Más potencia de fuego para las pequeñas unidades militares: armar los UAV ligeros



Debido a que los UAV ligeros de reconocimiento tienen menor tamaño y peso que otros UAVs, como el Hunter o el Gray Eagle, hasta la fecha no se habían armado; sin embargo, tanto el Ejército de EE.UU. como la Marina están considerando esta posibilidad para que las pequeñas unidades militares tengan el apoyo de fuego oportuno, en lugar de esperar recibir dicho apoyo de otras unidades cercanas.

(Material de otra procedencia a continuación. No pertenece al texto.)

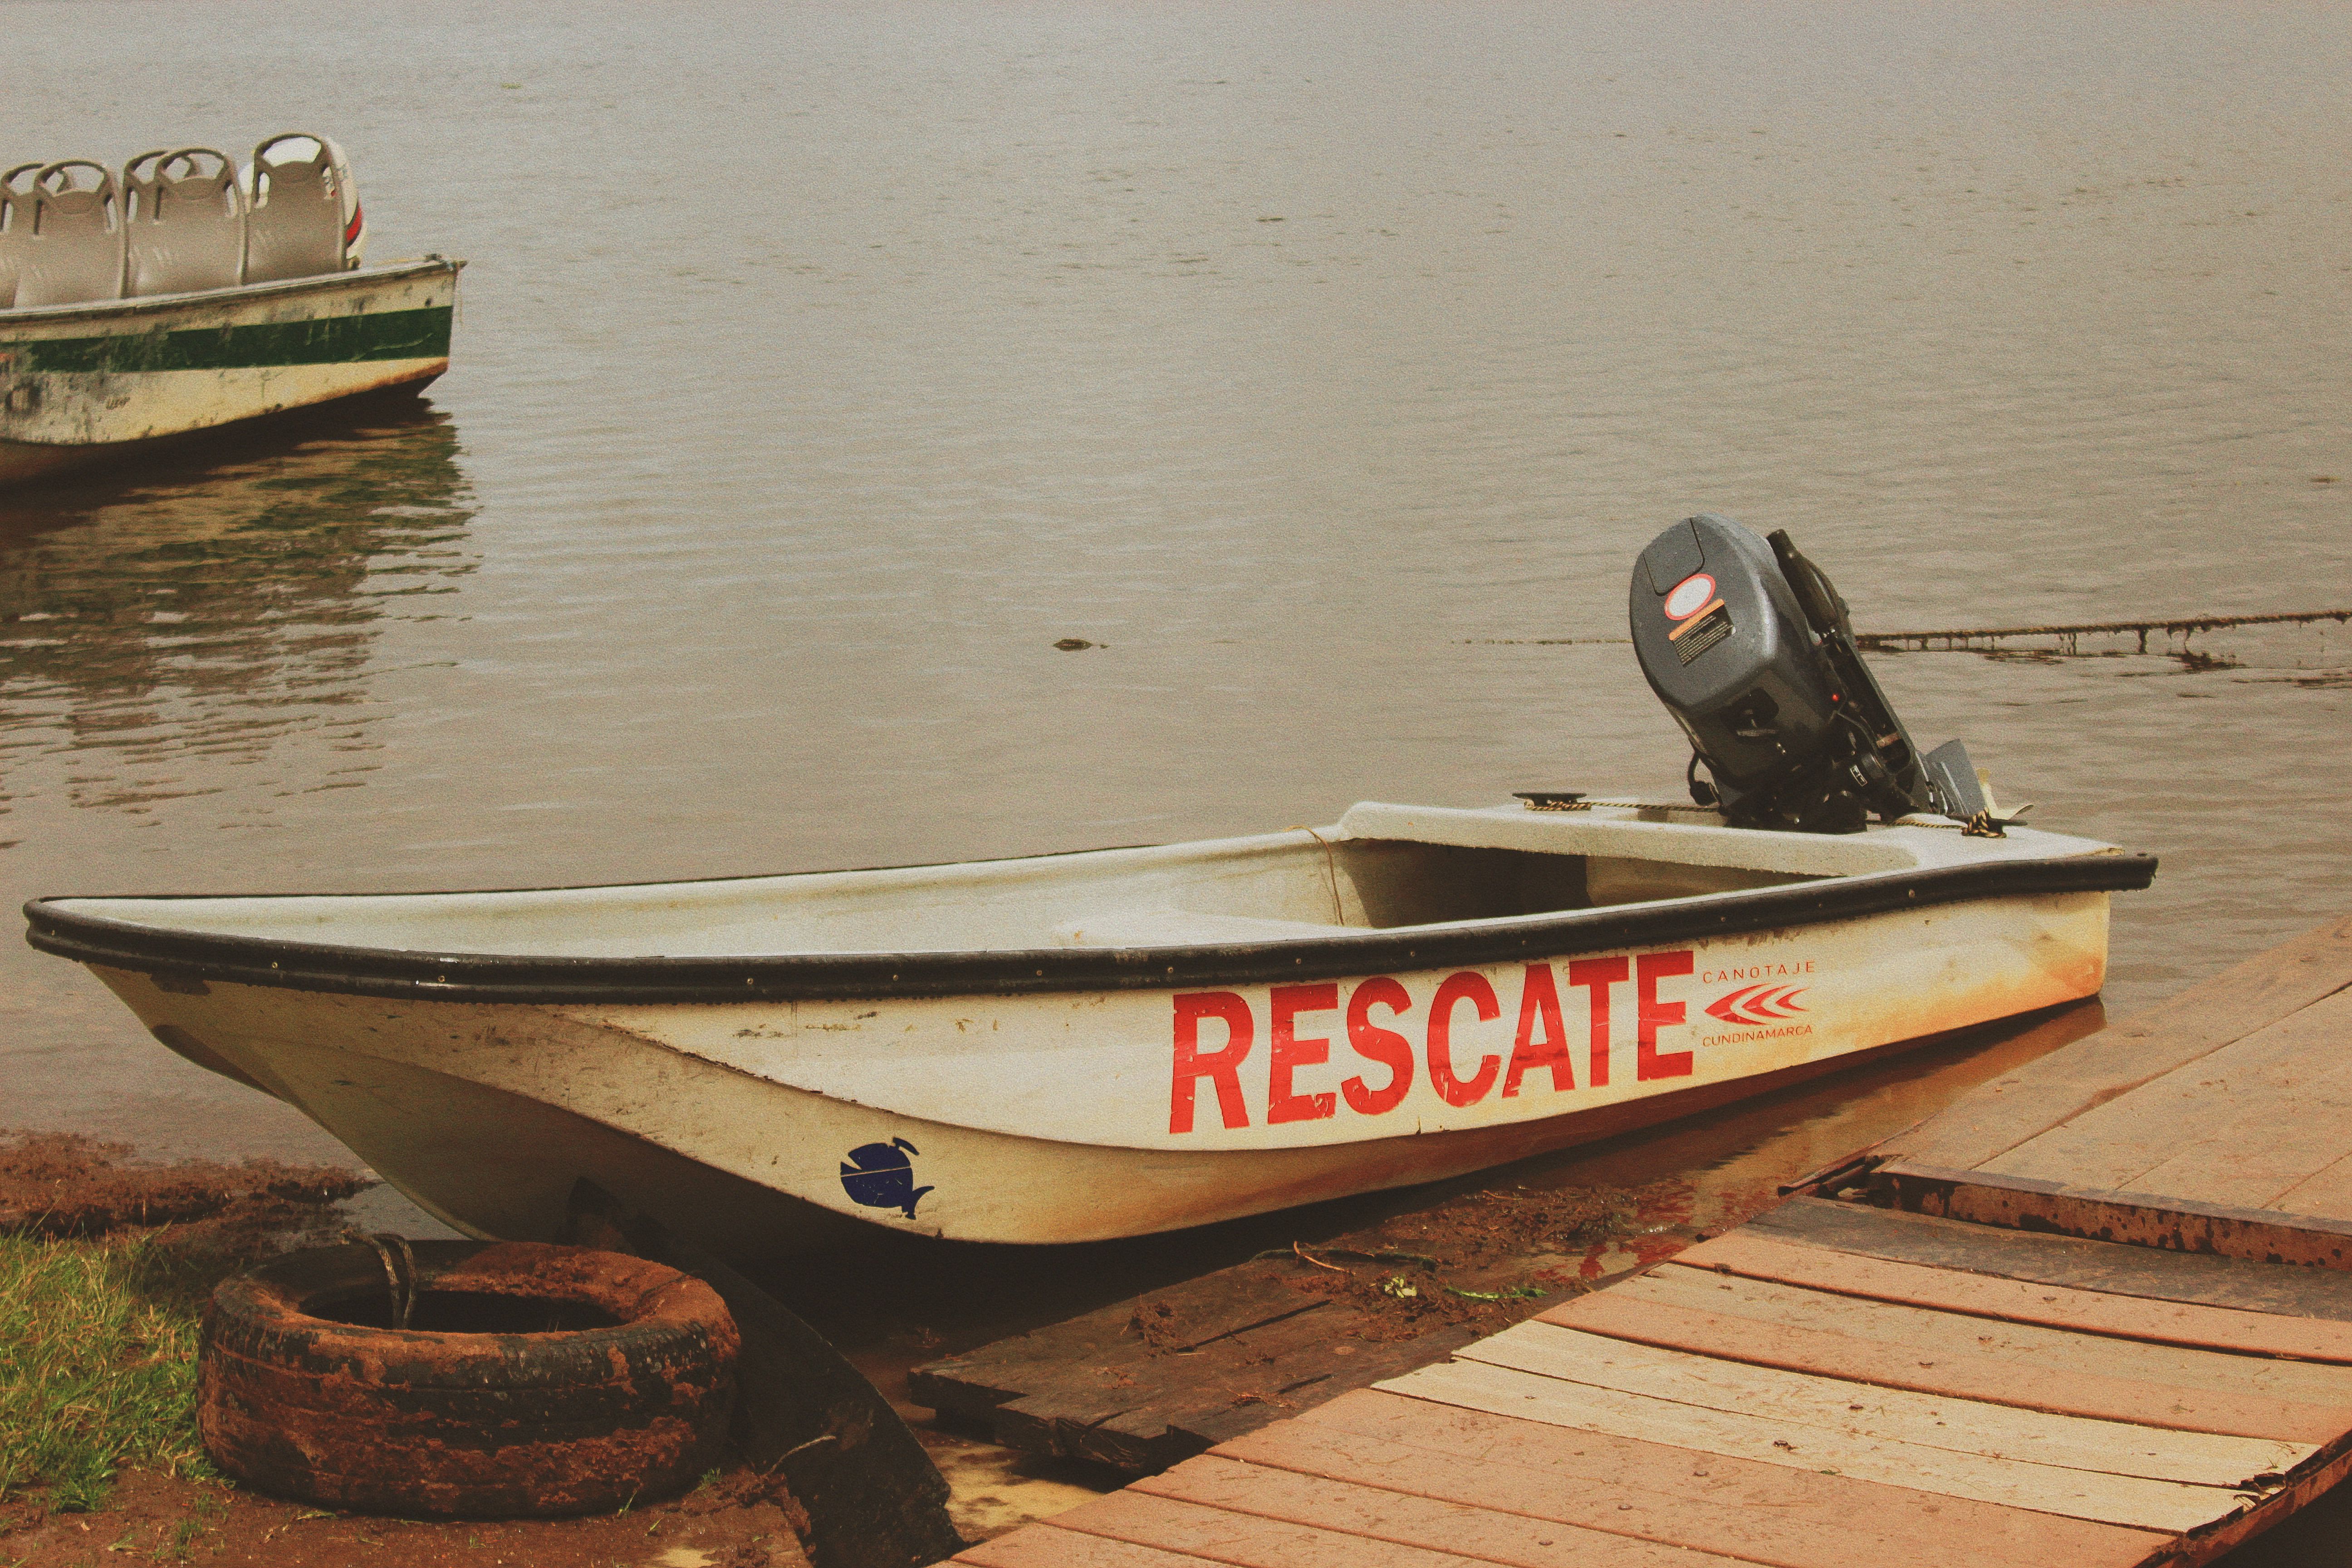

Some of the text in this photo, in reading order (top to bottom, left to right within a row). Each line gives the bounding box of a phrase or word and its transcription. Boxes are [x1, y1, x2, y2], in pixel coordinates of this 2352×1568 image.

[1703, 960, 1815, 984] CANOTAJE
[1170, 951, 1694, 1134] RESCATE
[1703, 1025, 1813, 1047] CUNDINAMARCA

Los RQ-7B realizan misiones de vigilancia pero, al no estar armados, las unidades de infantería necesitan apoyo de fuego proporcionado por artillería, helicópteros o aviones. Esta forma de actuar presenta dos problemas, uno, la falta de precisión de los fuegos, si las unidades encargadas de ese apoyo no cuentan con armas de precisión; y, segundo, el tiempo empleado. En 2009, durante seis meses, hubo 90 incidentes, en los que insurgentes instalando explosivos improvisados (IED), fueron localizados por los UAV de reconocimiento y pudieron escapar antes de que llegasen los aviones tripulados. Recientemente, durante una operación de una unidad de la Marina, 94 insurgentes, “objetivos de gran valor”, escaparon mientras los RQ-7B estaban sobrevolando el área.

La dependencia de estos sistemas ha impulsado a dar prioridad a armar los UAV, que podrían atacar directamente a los objetivos localizados, evitando la posibilidad de huida de los mismos. El Ejército, en cambio, dispone de los aviones no tripulados MQ-5B Hunter, con bombas guiadas GBU-44 Viper Strike, y del MQ-1C Gray Eagle, con misiles Hellfire.

Los UAV de reconocimiento pueden designar objetivos enviando datos GPS de los mismos a unidades de lanzamiento de cohetes guiados (GMLRS) o de cohetes de largo alcance, que realizarán la misión de apoyo a los sistemas no tripulados si son las apropiadas y los objetivos están dentro de su alcance. Sin embargo, emplear alguno de estos sistemas, contra objetivos limitados o en entornos urbanos no tiene mucho sentido. Y atacar con aviones tampoco.

Por ello, el Centro de Investigación, Desarrollo e Ingeniería de Armamento del Ejército ha financiado varios programas de investigación y desarrollo de armas ligeras y de bajo coste, como misiles de hasta 2,2 kg, para el Shadow y otros UAV tácticos (ligeros). También varias compañías de armamento están llevando a cabo programas en este sentido, como Thales y Raytheon que desarrollan munición táctica ligera (de 2 a 5,4 kg de peso).

La Marina estadounidense planea enviar 8 RQ-7B armados a Afganistán, para su evaluación en combate, tras haberse aprobado a armarlos en julio de 2011 y firmado un contrato el pasado diciembre, por valor de 10 millones de dólares para instalación y certificación de las armas.